*** Opening Source information ***

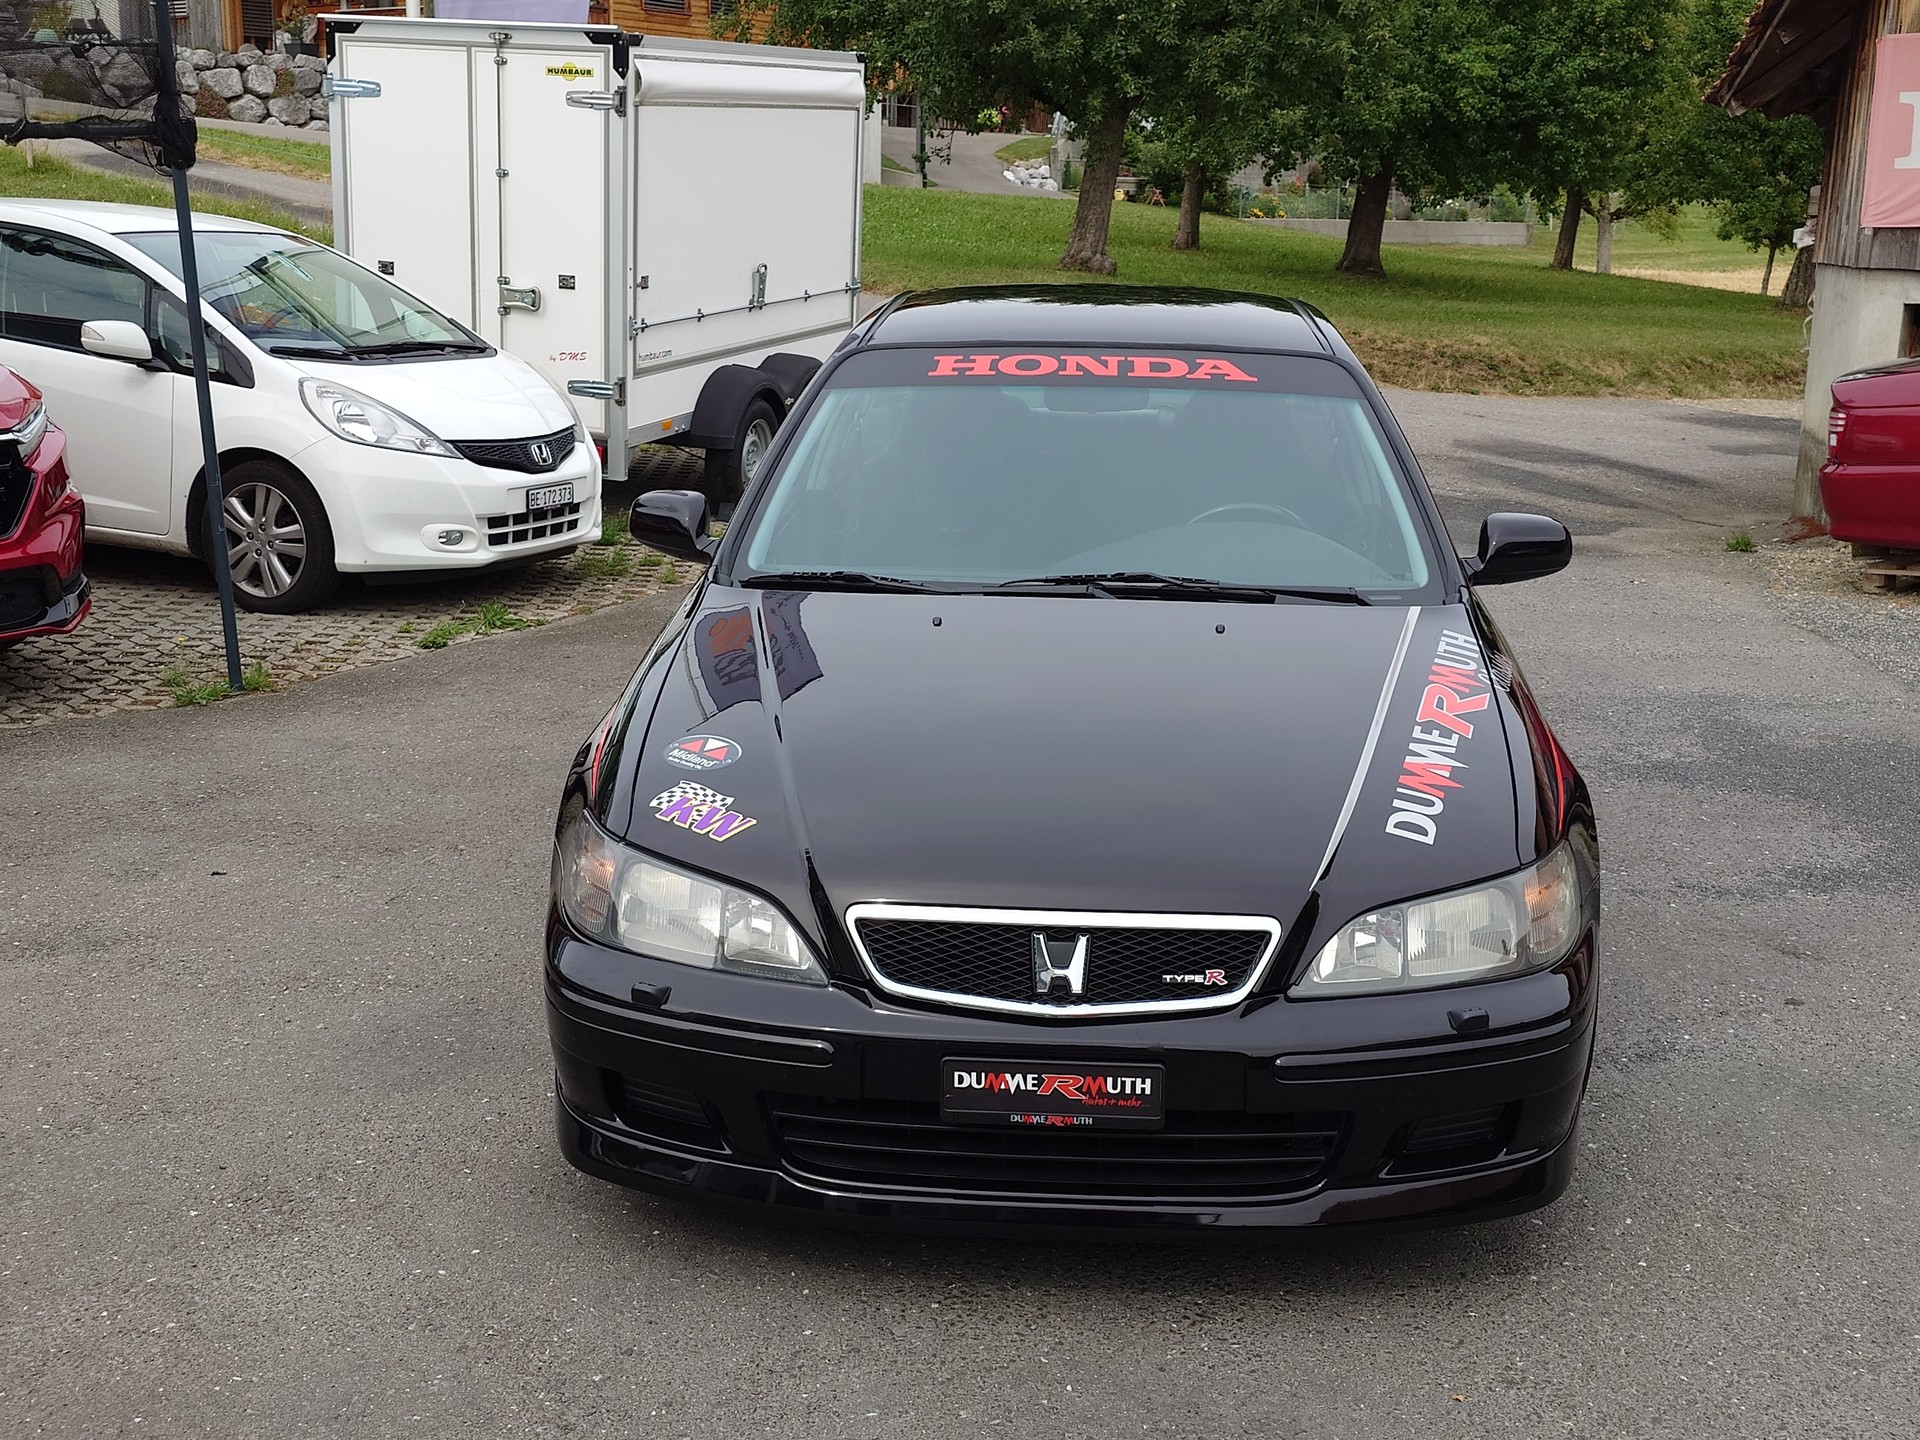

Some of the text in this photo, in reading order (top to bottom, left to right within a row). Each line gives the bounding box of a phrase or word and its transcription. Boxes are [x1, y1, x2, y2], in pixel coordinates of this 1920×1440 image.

[547, 67, 592, 76] HUMBAUR
[559, 351, 587, 361] DMS
[928, 354, 1258, 382] HONDA
[669, 748, 717, 768] Midland
[655, 795, 757, 842] KW
[1162, 969, 1228, 985] TYPE R

*** Closing Source information ***

> _What the task requires_:
Your reply should restate every entry exactly, with the pictures left out.

> _Problem solution_:
Some of the text in this photo, in reading order (top to bottom, left to right within a row). Each line gives the bounding box of a phrase or word and its transcription. Boxes are [x1, y1, x2, y2], in pixel coordinates of this 1920×1440 image.

[547, 67, 592, 76] HUMBAUR
[559, 351, 587, 361] DMS
[928, 354, 1258, 382] HONDA
[669, 748, 717, 768] Midland
[655, 795, 757, 842] KW
[1162, 969, 1228, 985] TYPE R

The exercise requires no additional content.